Prazo para a declaração de 2021 vai até o dia 30 de abril

Mais uma vez chegou a época do ano que deixa muita gente preocupada: afinal de contas, preciso declarar o Imposto de Renda? Como faço isso? Essas são apenas duas das muitas dúvidas que surgem neste período. Por isso, separamos um passo a passo importante para facilitar a sua declaração:

1. Entenda o que é o Imposto de Renda

Vamos iniciar explicando de forma rápida o que é o Imposto de Renda. Ele nada mais é do que um tributo do Governo Federal cobrado sobre os rendimentos do contribuinte. Uma das principais características do Imposto de Renda é a progressividade: quanto maior o rendimento, maior será o imposto pago.

2. Descubra se você precisa declarar

A declaração do Imposto de Renda 2021 é obrigatória para todos os contribuintes que tiveram um rendimento anual superior a R$ 28.559,70 no ano passado; que realizaram operações financeiras na bolsa de valores ou compra e venda de capital estrangeiro; possuam bens como casas, carros ou terrenos com valor superior a R$ 300 mil; pessoas que tiveram rendimentos isentos, não tributáveis ou tributados exclusivamente na fonte no ano anterior cujo valor ultrapassou R$ 40 mil; e os contribuintes que receberam rendimento acima de R$ 22.847,76 em 2020 e também auxílio emergencial para enfrentamento da Covid-19.

3. Separe o que precisa ser declarado

Uma vez que você precisa declarar o Imposto de Renda, é preciso informar todos os rendimentos ou ganhos tributáveis, isentos, recebidos do exterior, não tributáveis e de tributação exclusiva como salários, venda de bens, aluguéis, reformas de imóveis, resgate do FGTS, recebimento de herança etc.

Outras despesas dedutíveis como plano de saúde, educação, previdência privada e dependentes também entram na declaração. Também devem constar informações sobre aplicações financeiras, consórcios, veículos, imóveis etc.

4. Escolha entre declaração simplificada e completa

No momento em que for fazer a declaração do Imposto de Renda, o contribuinte pode optar pelo regime de tributação por deduções legais – que é a declaração completa – ou por desconto simplificado (declaração simples). A escolha do modelo depende das despesas que possui para deduzir a base de cálculo, como despesas médicas, planos de saúde, dependentes, previdência privada, entre outros.

Para quem tem poucas despesas dedutíveis, pode ser melhor preencher o modelo simplificado, porém, se você não tem certeza de qual escolher, o próprio programa ajuda a fazer a escolha mais assertiva para reduzir o imposto e/ou aumentar a restituição. Basta preencher todas as informações e consultar qual o modelo mais viável. Para o cálculo do Imposto, o sistema irá efetuar de forma automática o valor dedutível, limitando a 12% da soma dos rendimentos tributáveis.

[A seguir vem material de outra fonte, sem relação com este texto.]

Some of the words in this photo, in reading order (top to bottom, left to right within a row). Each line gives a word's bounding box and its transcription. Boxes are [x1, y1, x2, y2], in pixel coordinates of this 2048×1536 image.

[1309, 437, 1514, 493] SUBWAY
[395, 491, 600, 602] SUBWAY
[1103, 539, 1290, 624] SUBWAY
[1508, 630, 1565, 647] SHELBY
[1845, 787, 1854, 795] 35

5. Pague o valor devido à Receita Federal

Se você tiver algum valor a ser pago à Receita Federal, existem duas formas de realizar o pagamento: ou em débito automático ou através de boleto (DARF). Se optar por débito em conta, o valor devido poderá ser parcelado em até oito vezes, desde que a parcela não seja menor do que R$ 50,00.

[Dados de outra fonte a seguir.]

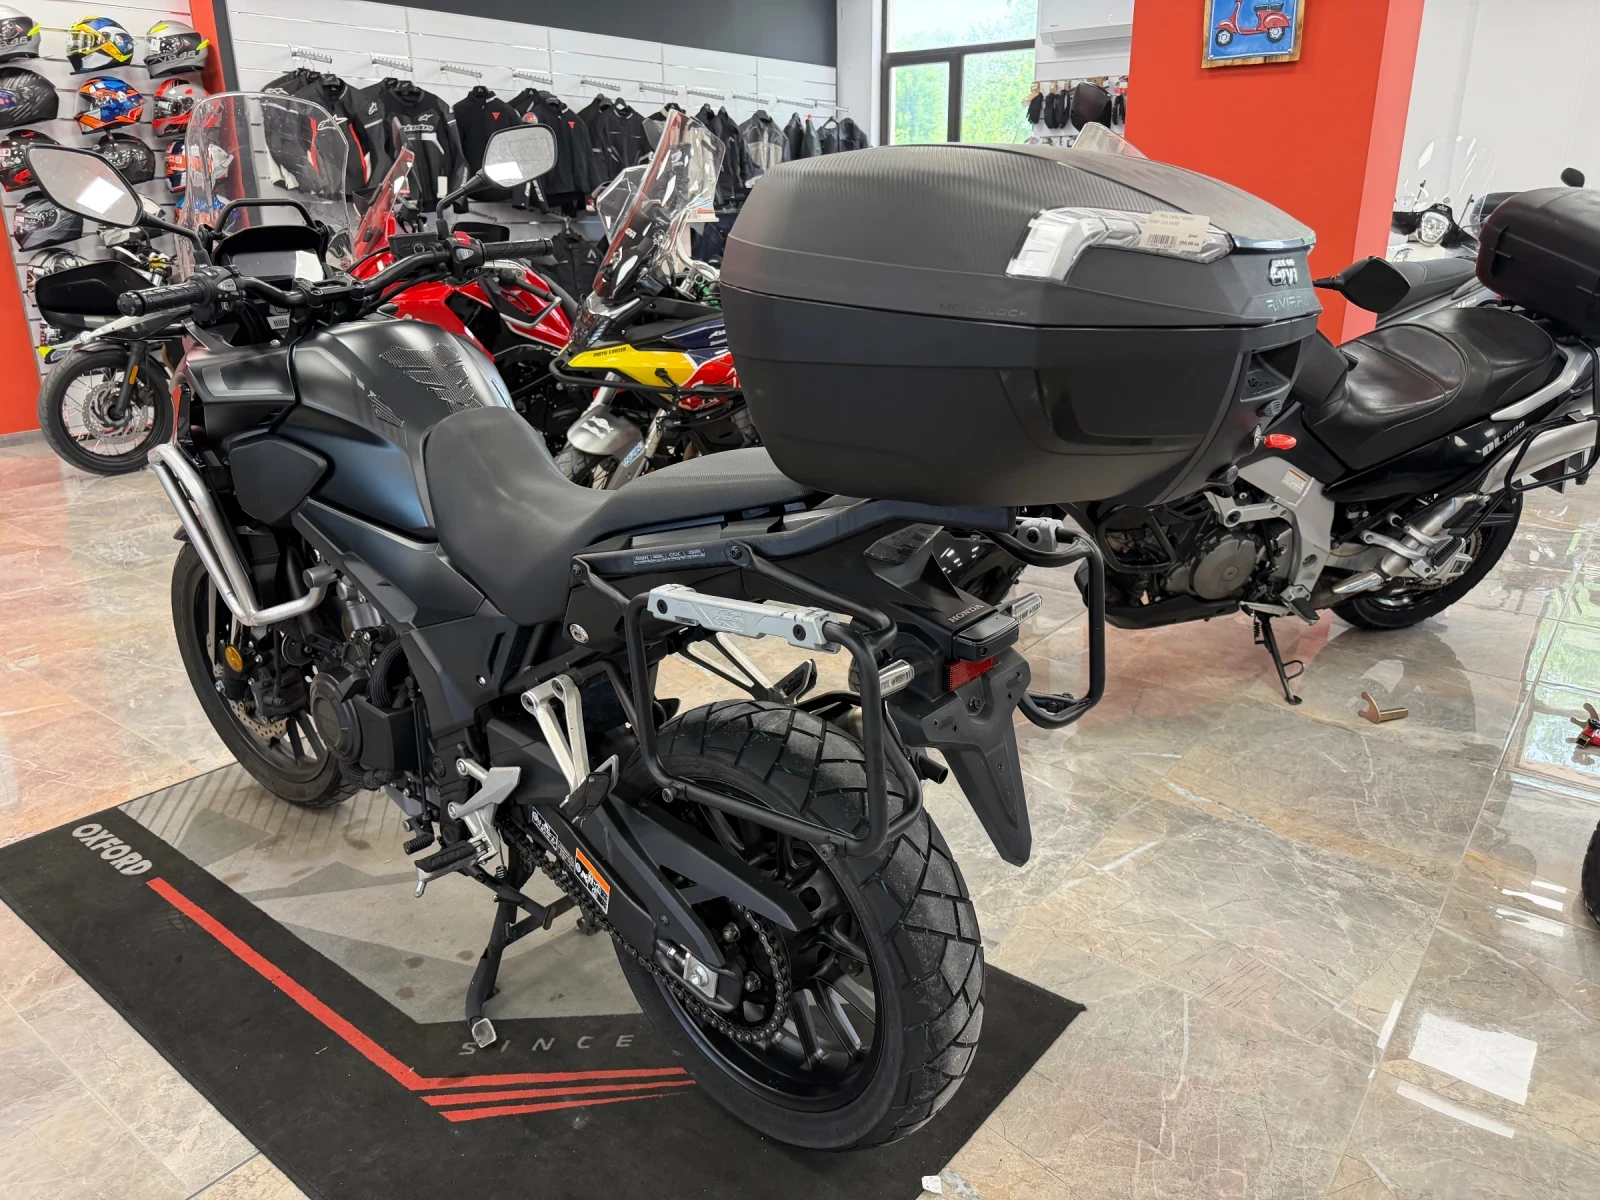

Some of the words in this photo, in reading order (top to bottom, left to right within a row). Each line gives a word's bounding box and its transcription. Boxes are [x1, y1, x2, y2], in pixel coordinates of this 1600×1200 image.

[1265, 295, 1310, 311] RIVIER
[947, 604, 984, 623] HONDA
[71, 823, 153, 876] OXFORD
[458, 1034, 634, 1055] SINCE
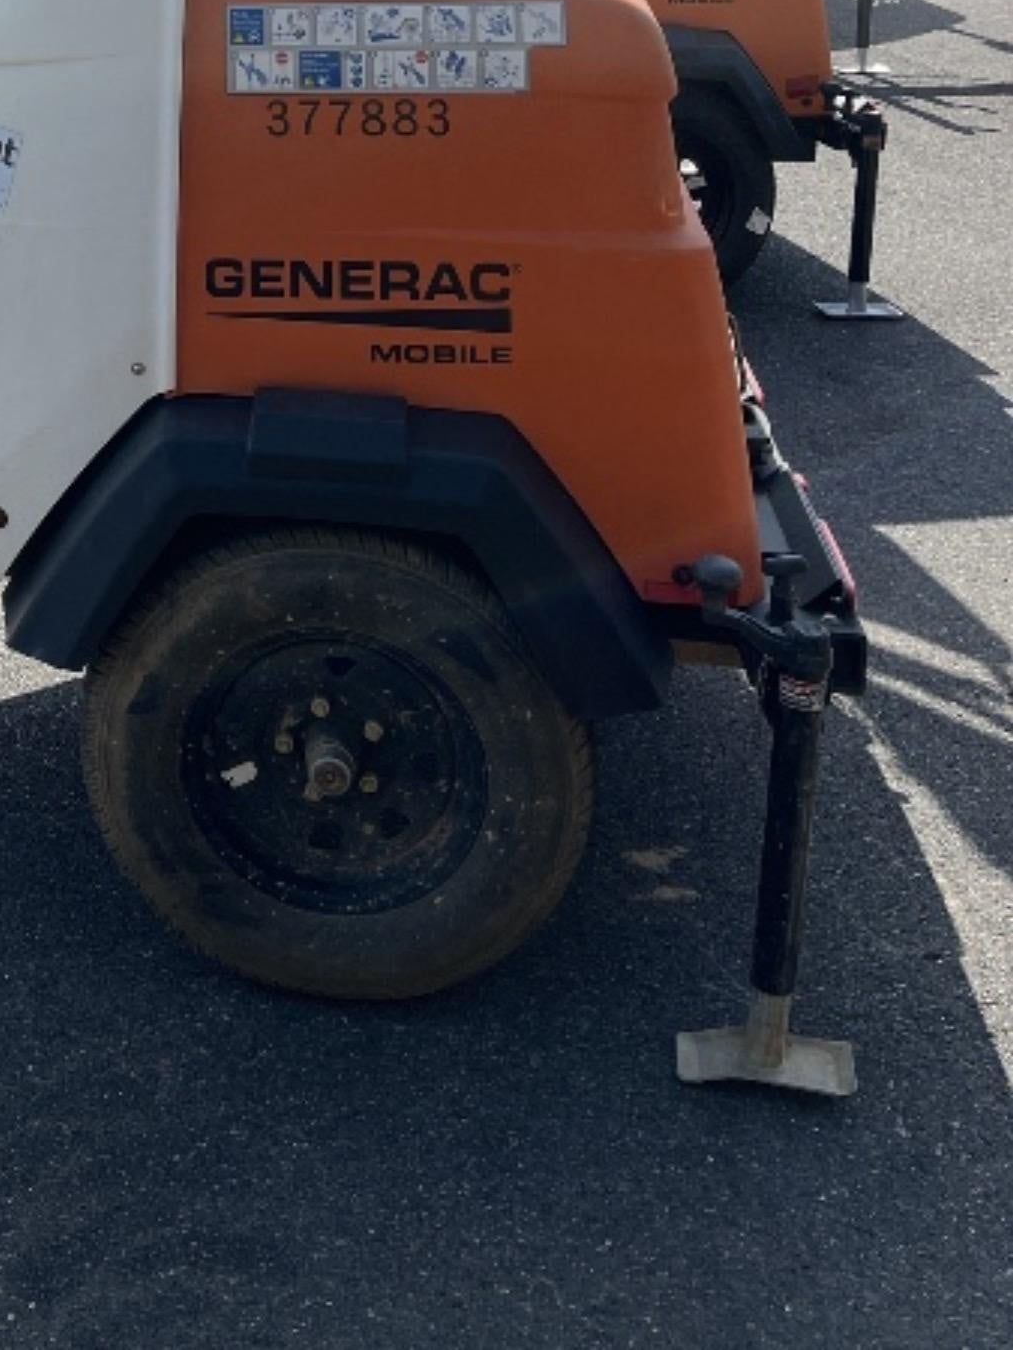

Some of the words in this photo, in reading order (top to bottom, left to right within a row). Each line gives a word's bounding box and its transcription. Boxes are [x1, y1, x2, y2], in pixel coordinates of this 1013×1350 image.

[266, 98, 451, 137] 377883
[205, 258, 510, 301] GENERAC
[371, 343, 513, 364] MOBILE

Já se optar por boleto, o pagamento da primeira parcela ou da cota única não sofre nenhum acréscimo até a data de vencimento. As demais parcelas, mesmo dentro do prazo legal, são acrescidas de juros referentes à taxa SELIC.

6. Saiba como receber a restituição

A restituição é sempre feita na conta do contribuinte, por isso é importante informar corretamente os dados como nome ou número do banco, agência e conta no campo indicado da declaração. Não esqueça de optar por sua cooperativa na hora de receber a restituição, lembrando que você pode aplicar e rentabilizar de forma simples e rápida.

Vale ressaltar que o prazo para a declaração do Imposto de Renda 2021 segue até o dia 30 de abril.